Это случится через несколько недель, в полнолуние. Своего рода дополнение или приложение к жизни Ветром Сдумса, который родился в год Знаменательного Треугольника в столетие Трех Блох (он всегда предпочитал старый календарь с его древними названиями; в новом календаре с его дурацкими цифрами Сдумс постоянно путался) и умер в год Причудливой Змеи в век Летучей Мыши. Умер в физическом смысле.
По залитым лунным светом вересковым пустошам помчатся две фигуры. Не совсем волки и не совсем люди. Если им хоть немного повезет, в их распоряжении будут оба мира — и тот, и этот. Они будут не только чувствовать… но и знать.
Два мира лучше, чем один.
Скрестив пальцы перед лицом — или перед тем, что заменяло ему лицо, Смерть сидел в своем темном кабинете.
Иногда он раскачивался на стуле взад и вперед.
Альберт принес ему чашку чая и с дипломатичной беззвучностью удалился.
На столе оставался один жизнеизмеритель, и Смерть смотрел на него.
Взад-вперед, взад-вперед.
В прихожей тикали большие часы, убивающие время.
Смерть побарабанил костяными пальцами по испещренному царапинами дереву письменного стола. Перед ним, утыканные импровизированными закладками, лежали жизнеописания некоторых самых величайших любовников Плоского мира. [18] Эти жизнеописания не больно-то помогли.
Смерть встал, подошел к окну и уставился на свое темное царство. Пальцы за его спиной то сжимались, то разжимались.
Потом он схватил жизнеизмеритель и быстро вышел из кабинета.
Бинки ждала его в теплой духоте конюшни. Смерть быстро оседлал лошадь, вывел во двор и поскакал в ночь, по направлению к ярко мерцающей жемчужине Плоского мира.

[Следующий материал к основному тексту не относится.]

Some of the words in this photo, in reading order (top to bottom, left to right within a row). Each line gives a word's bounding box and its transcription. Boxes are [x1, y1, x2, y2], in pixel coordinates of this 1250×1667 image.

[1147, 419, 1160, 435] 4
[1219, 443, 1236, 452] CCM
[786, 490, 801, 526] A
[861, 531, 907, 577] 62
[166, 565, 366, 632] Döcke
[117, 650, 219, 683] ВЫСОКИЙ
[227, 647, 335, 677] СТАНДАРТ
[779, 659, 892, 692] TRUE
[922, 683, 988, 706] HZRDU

На закате он мягко опустился во дворе фермы.
Он прошел сквозь стену.
Он подошел к лестнице.
Он поднял жизнеизмеритель и еще раз вгляделся в поток Времени.
Смерть немного помедлил. Нужно было кое-что прояснить. Билл Двер много чего узнал, и о своей жизни в качестве Билла Двера Смерть помнил все до мельчайших подробностей. Он мог рассматривать чувства, словно приколотых к пробке бабочек, тщательно засушенных и помещенных под стекло.

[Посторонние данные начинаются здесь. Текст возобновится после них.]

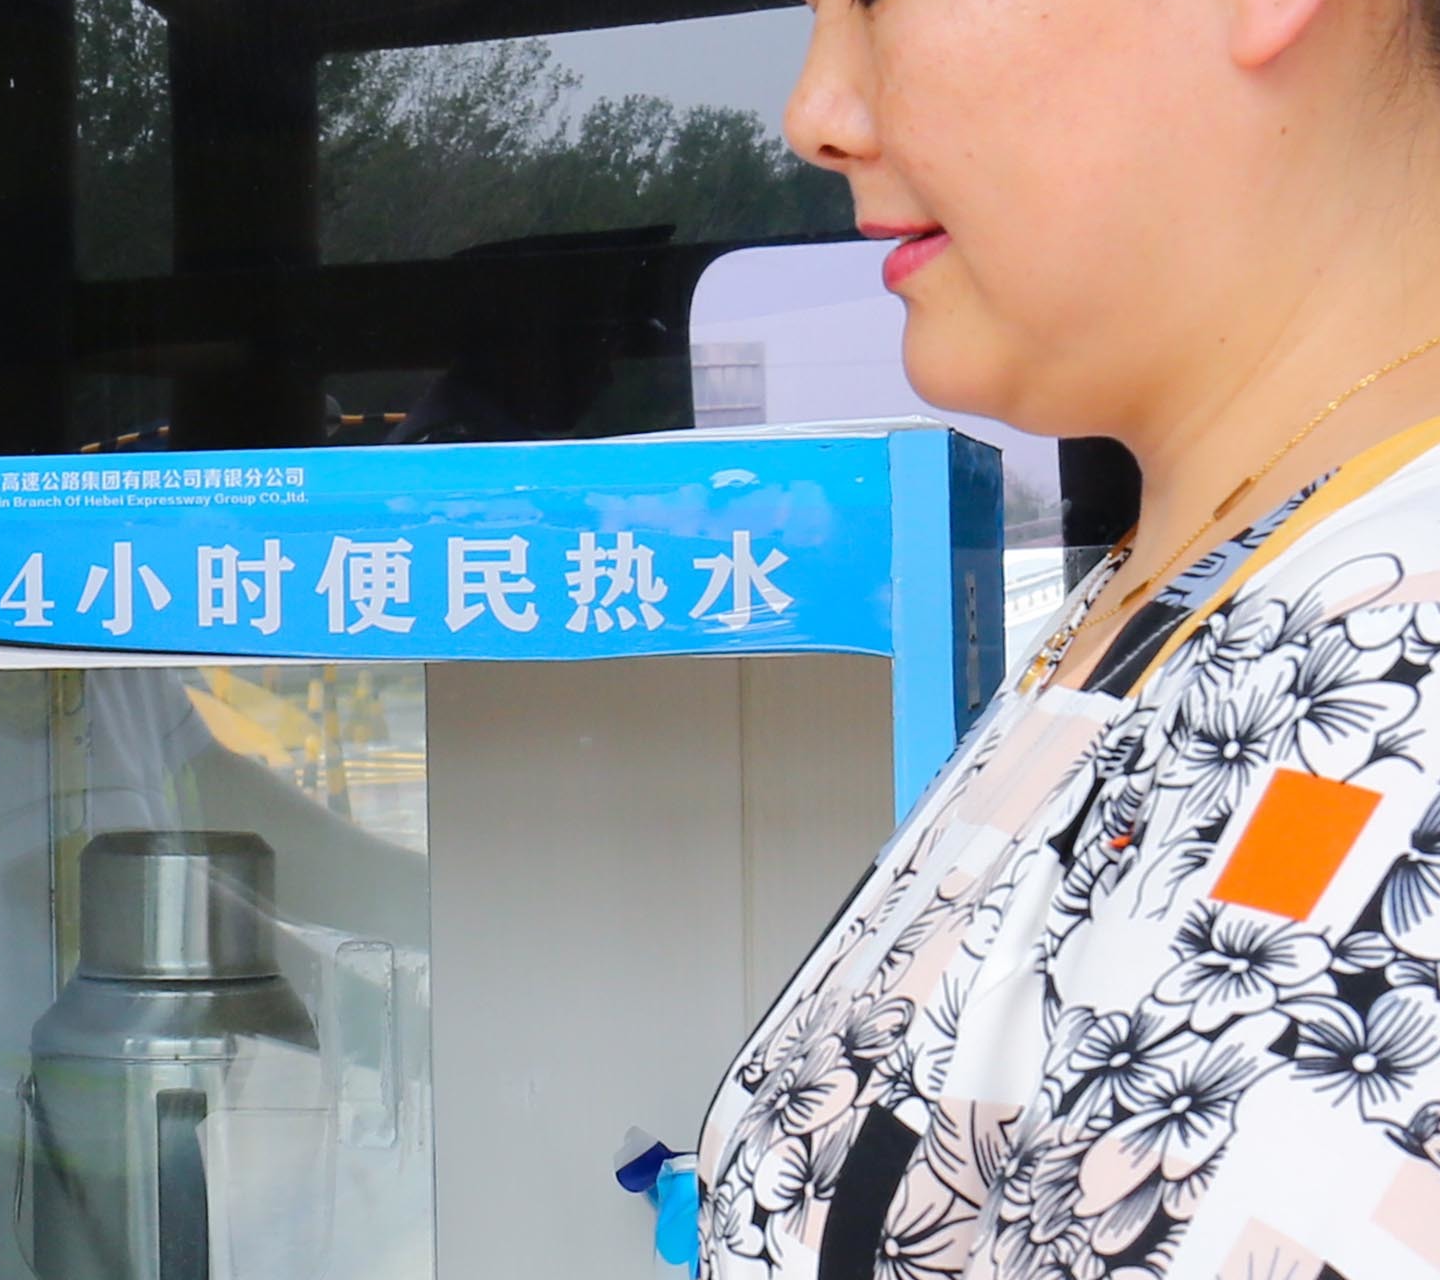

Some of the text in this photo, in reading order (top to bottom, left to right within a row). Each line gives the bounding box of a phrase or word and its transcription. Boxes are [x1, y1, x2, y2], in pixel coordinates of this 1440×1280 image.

[13, 496, 62, 509] Branch
[65, 495, 82, 507] Of
[84, 494, 124, 507] Hebei
[128, 493, 211, 507] Expressway
[214, 492, 257, 506] Group

Билл Двер мертв, или, по крайней мере, его краткосрочное существование прекратилось. Но что это было? Человеческая жизнь — это не более чем ось, вокруг которой вращается бытие? Билл Двер ушел, но оставил эхо. И Смерть был кое-что должен памяти Билла Двера.
Смерть никогда не понимал, почему люди кладут на могилы цветы. Он не видел в этом ни малейшего смысла. Ведь мертвые уже не могут ощущать запах роз. Но сейчас… Нет, он этого так и не понял, но увидел зерно, достойное понимания.
В зашторенной темноте гостиной госпожи Флитворт шевельнулась некая тень. И направилась к трем сундучкам на комоде.
Смерть открыл один из маленьких сундучков. Он был полон золотых монет. Похоже, к ним давно никто не прикасался. Он открыл второй сундучок. Этот тоже был полон золота.
Он ожидал чего-то большего, но, вероятно, даже Билл Двер не смог бы сказать, чего именно.
И тогда Смерть открыл большой сундук.
Сверху лежал слой прокладочной бумаги. А под бумагой хранилось что-то белое и шелковое, напоминающее фату, пожелтевшее и хрупкое от времени. Он посмотрел на предмет непонимающим взглядом и отложил в сторону. Дальше он увидел белые туфли. Почему-то он понял, что эти туфли на ферме не самая практичная вещь. Неудивительно, что их убрали.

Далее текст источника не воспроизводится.